5,000 Deported from Georgia

Atlanta Journal Constitution: Georgia ranks sixth among states for the number of illegal immigrants deported through a federal fingerprint-sharing program now used in jails across the country, public records show.

Since the Secure Communities program started here in November of 2009, 5,044 noncitizens have been deported or have voluntarily left the United States, according to U.S. Immigration and Customs Enforcement figures.

Nearly half -- 1,968 -- involved people booked into Gwinnett County's jail. That is more than twice the total in any other Georgia county.

Gwinnett ranks 16th for deportations among more than 2,100 counties that were participating in the program as of Jan. 31, according to an analysis of ICE's records by The Atlanta Journal-Constitution and the Austin American-Statesman, both part of Cox Media Group.

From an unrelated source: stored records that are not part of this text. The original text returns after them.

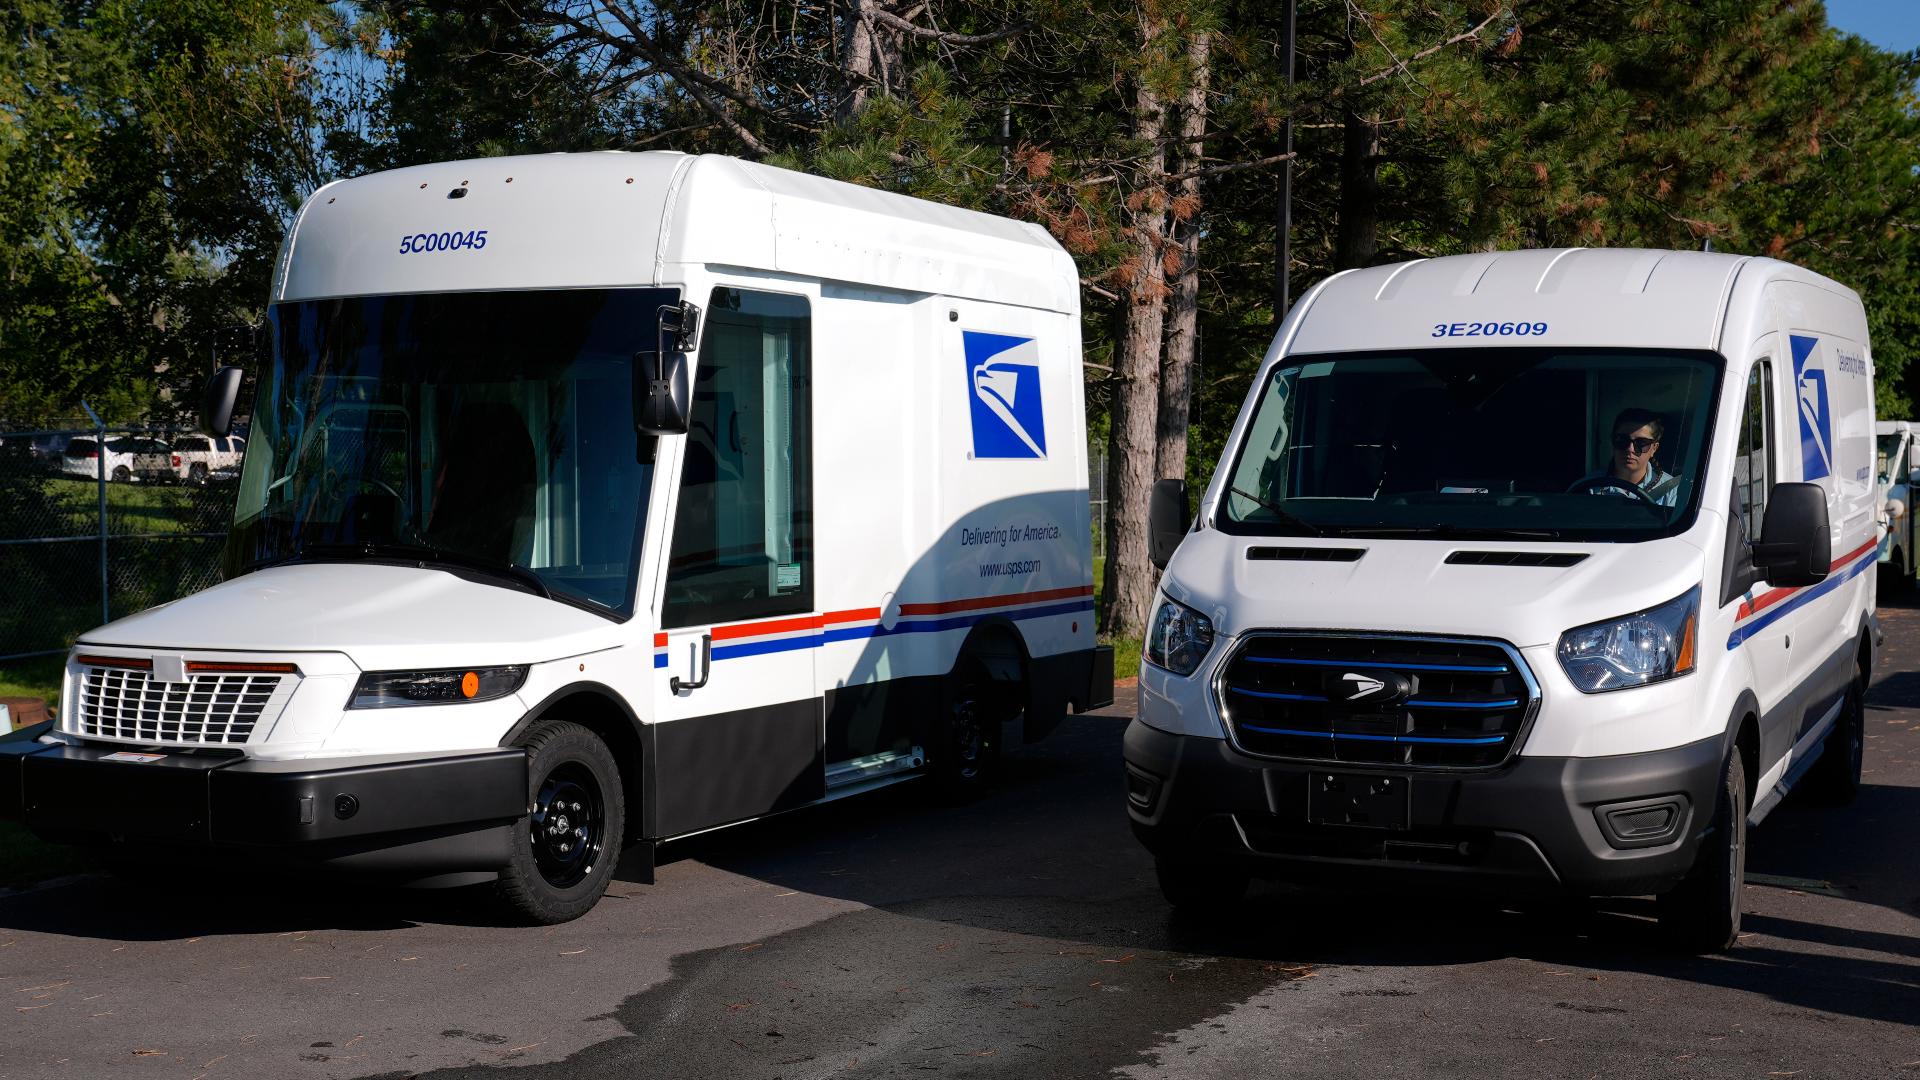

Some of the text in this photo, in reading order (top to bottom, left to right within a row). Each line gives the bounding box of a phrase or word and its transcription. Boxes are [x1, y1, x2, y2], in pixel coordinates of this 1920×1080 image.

[399, 230, 489, 255] 5C00045
[1431, 322, 1548, 338] 3E20609
[961, 526, 1008, 547] Delivering
[1009, 525, 1022, 542] for
[980, 559, 1041, 578] www.usps.com
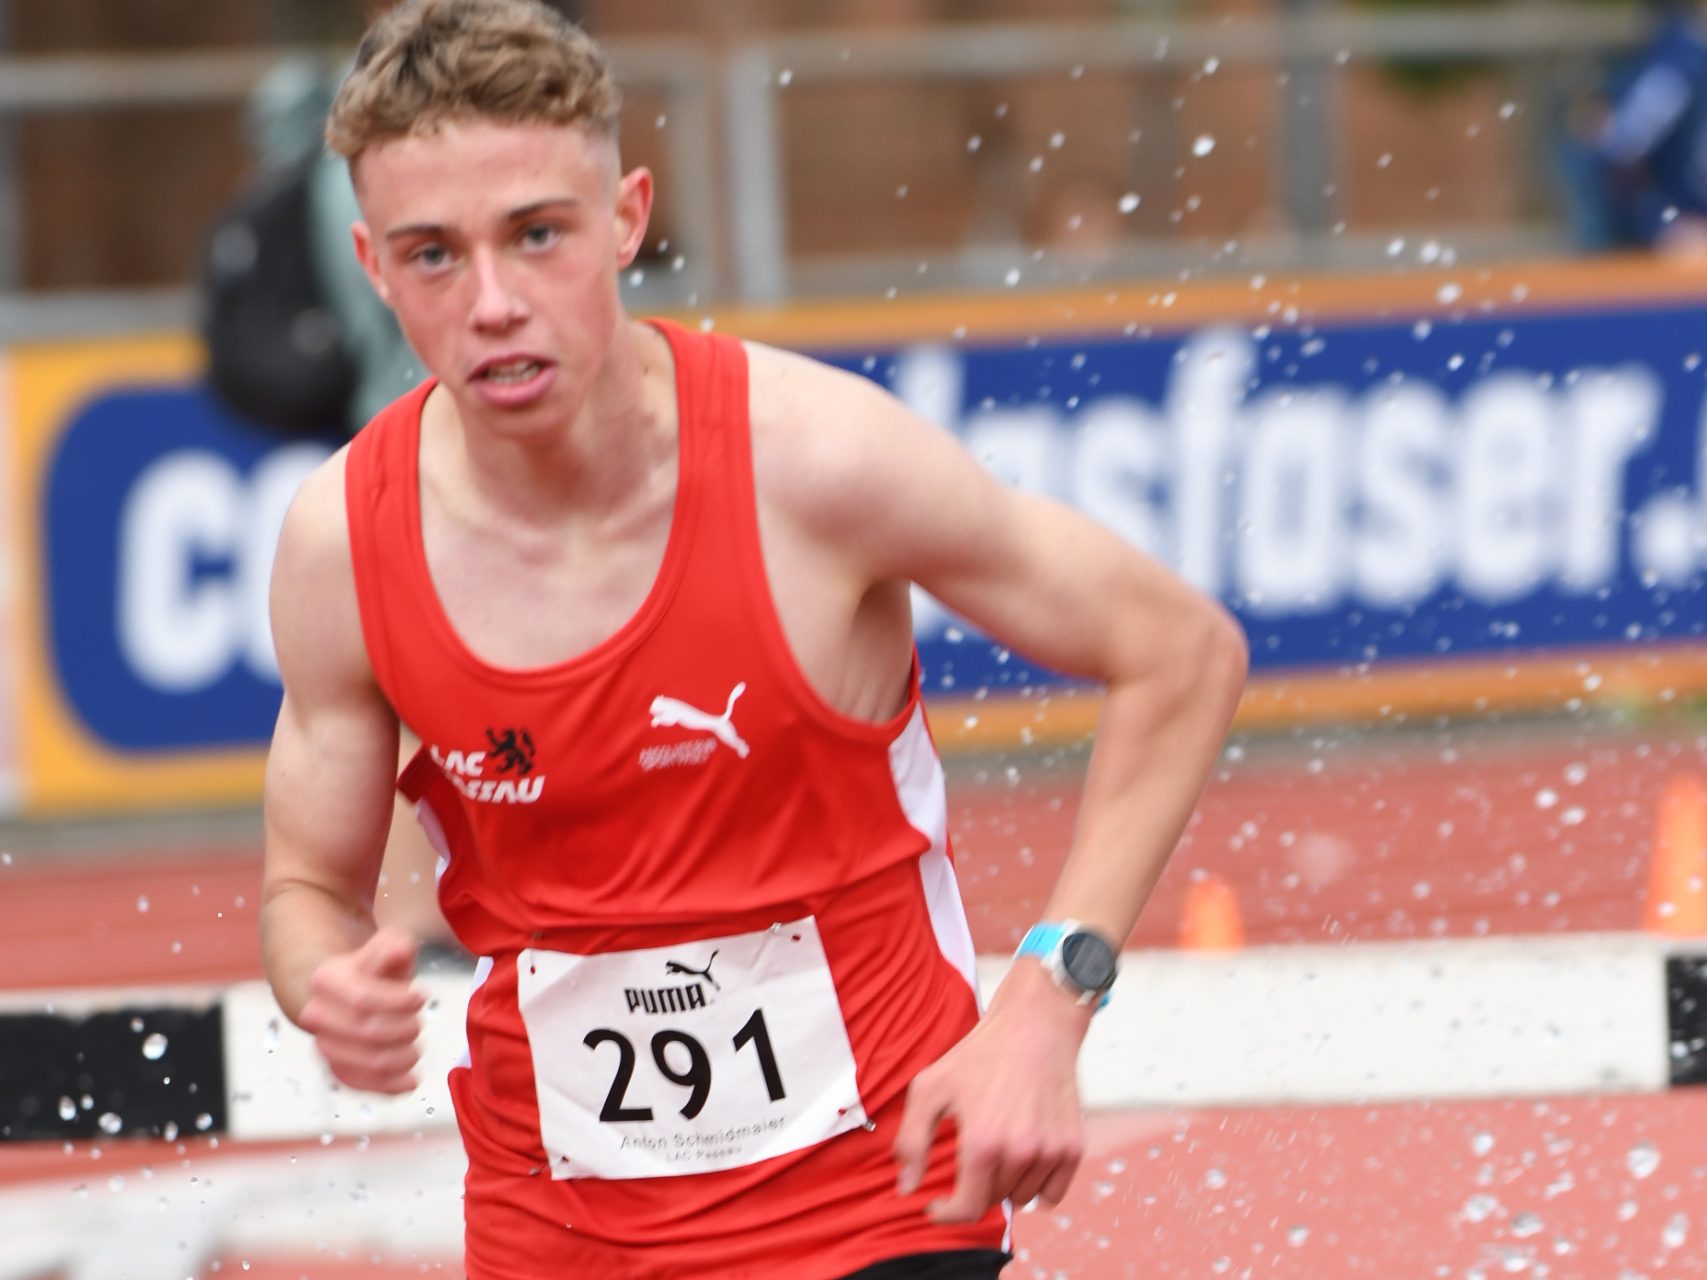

California holds the No. 1 spot among states with 65,738 deportations, followed by Texas, Arizona, Florida and North Carolina. Counties in all five of those states started participating in the fingerprint system months before Georgia's counties did.

Three quarters of all counties nationwide now use the program, which has been phased in since Harris County, Texas, started participating in October of 2008. The goal is for it to be up in running in all counties nationwide by 2013.

Under Secure Communities, everyone booked into a jail is fingerprinted and those prints are checked against millions of others held in a U.S. Homeland Security Department database. The federal government collects fingerprints from a variety of people, including those caught crossing the U.S. border illegally.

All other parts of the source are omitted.